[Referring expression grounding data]

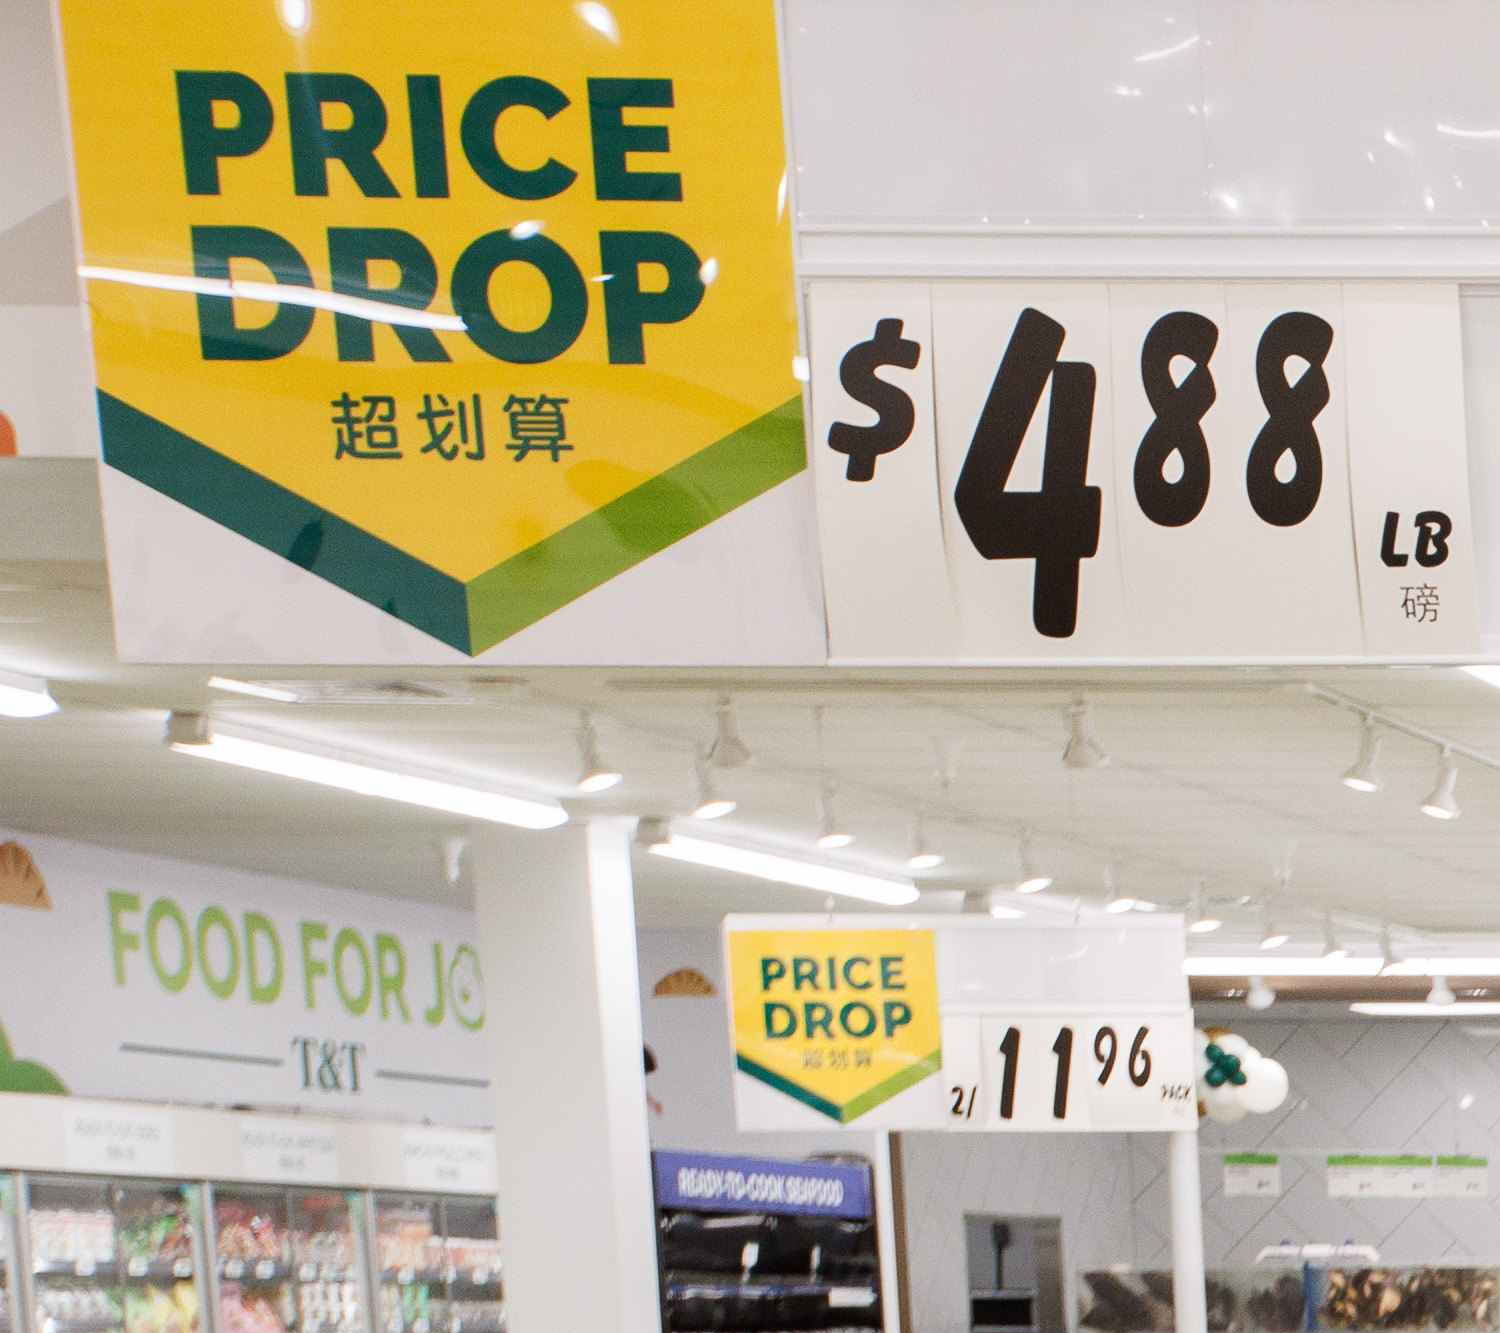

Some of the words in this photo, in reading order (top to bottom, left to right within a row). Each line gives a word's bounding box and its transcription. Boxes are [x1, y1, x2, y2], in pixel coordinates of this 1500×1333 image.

[173, 69, 687, 203] PRICE
[190, 225, 707, 365] DROP
[329, 389, 577, 466] 超划算
[1379, 510, 1454, 571] LB
[1400, 583, 1441, 624] 磅
[107, 889, 285, 1005] FOOD
[299, 920, 412, 1022] FOR
[760, 955, 905, 991] PRICE
[763, 1000, 912, 1041] DROP
[290, 1036, 366, 1094] T&T
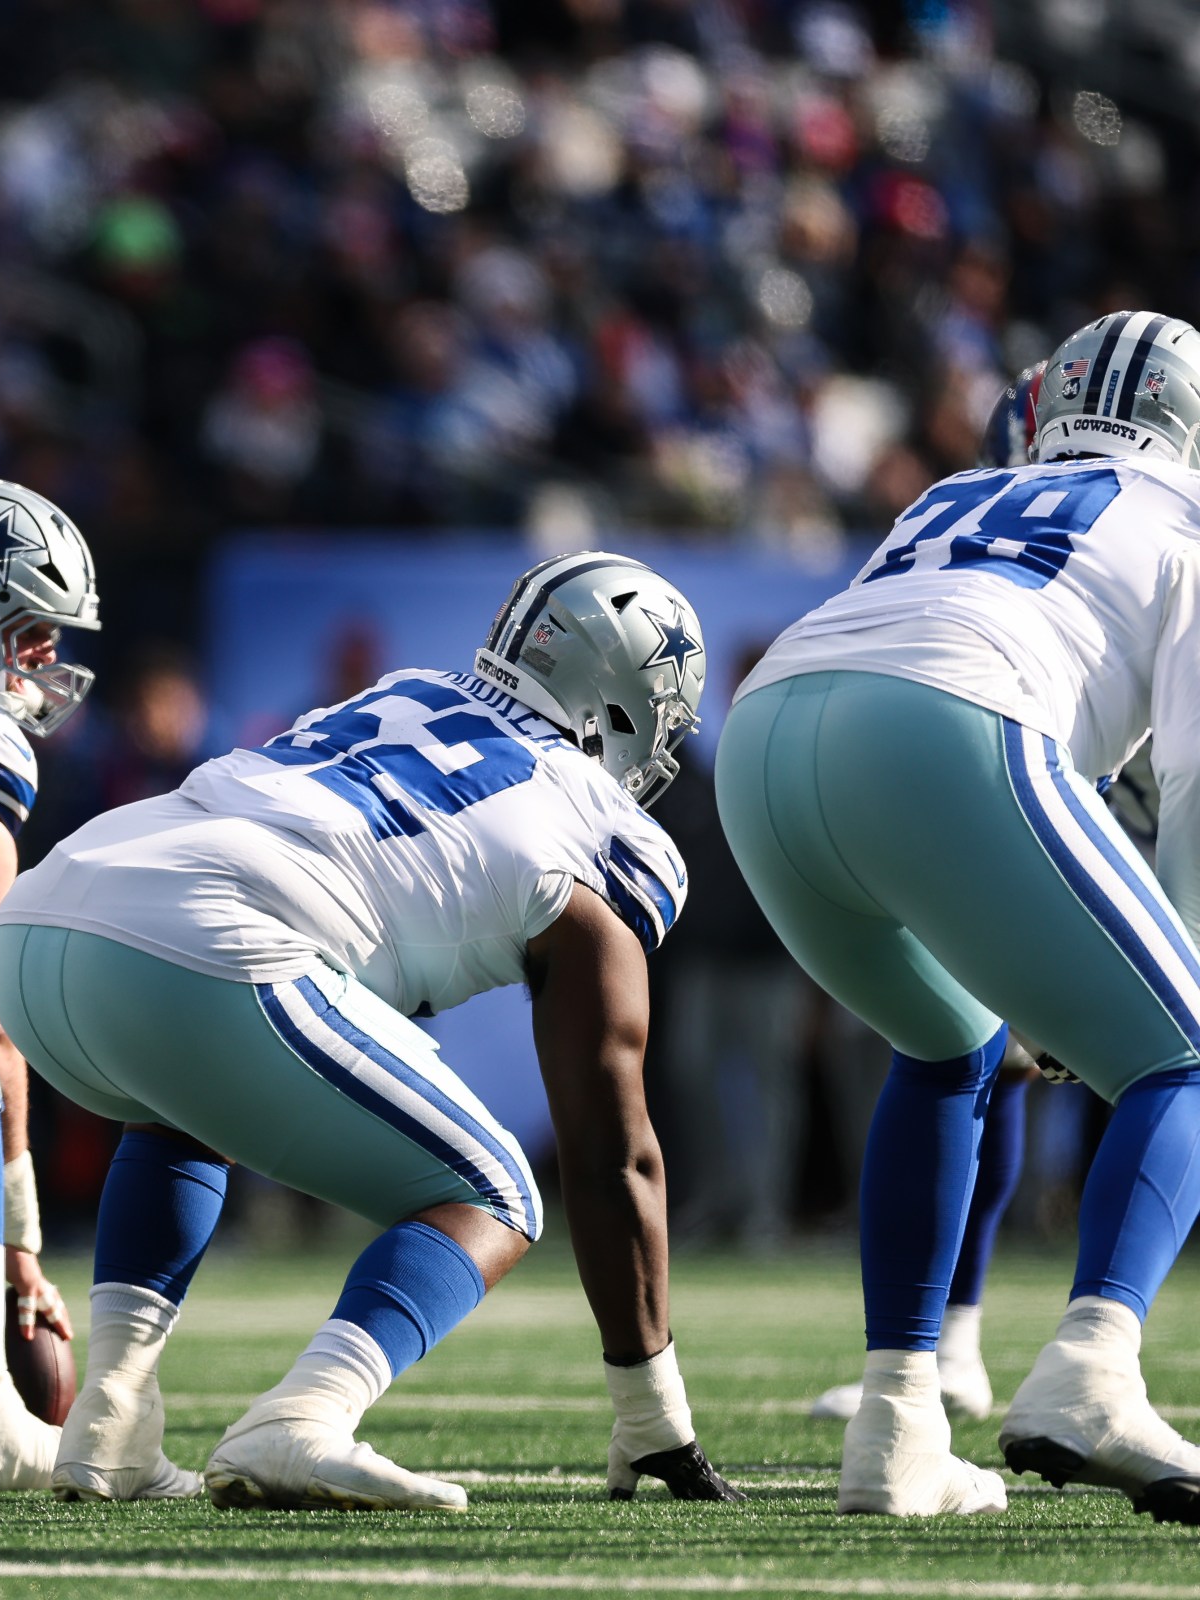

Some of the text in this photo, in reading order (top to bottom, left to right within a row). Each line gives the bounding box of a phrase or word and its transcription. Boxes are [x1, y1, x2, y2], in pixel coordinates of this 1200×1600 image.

[1074, 419, 1137, 440] COWBOYS
[862, 469, 1122, 590] 78
[254, 678, 538, 842] 52

#### Task
Transcribe the records above exactly, omitting every picture they contain.

#### Response area
Some of the words in this photo, in reading order (top to bottom, left to right within a row). Each line gives a word's bounding box and its transcription. Boxes are [x1, y1, x2, y2], in pixel coordinates of this 1500×1333 image.

[173, 69, 687, 203] PRICE
[190, 225, 707, 365] DROP
[329, 389, 577, 466] 超划算
[1379, 510, 1454, 571] LB
[1400, 583, 1441, 624] 磅
[107, 889, 285, 1005] FOOD
[299, 920, 412, 1022] FOR
[760, 955, 905, 991] PRICE
[763, 1000, 912, 1041] DROP
[290, 1036, 366, 1094] T&T

Some of the text in this photo, in reading order (top to bottom, left to right within a row). Each line gives the bounding box of a phrase or word and its transcription. Boxes are [x1, y1, x2, y2], in pixel coordinates of this 1200×1600 image.

[1074, 419, 1137, 440] COWBOYS
[862, 469, 1122, 590] 78
[254, 678, 538, 842] 52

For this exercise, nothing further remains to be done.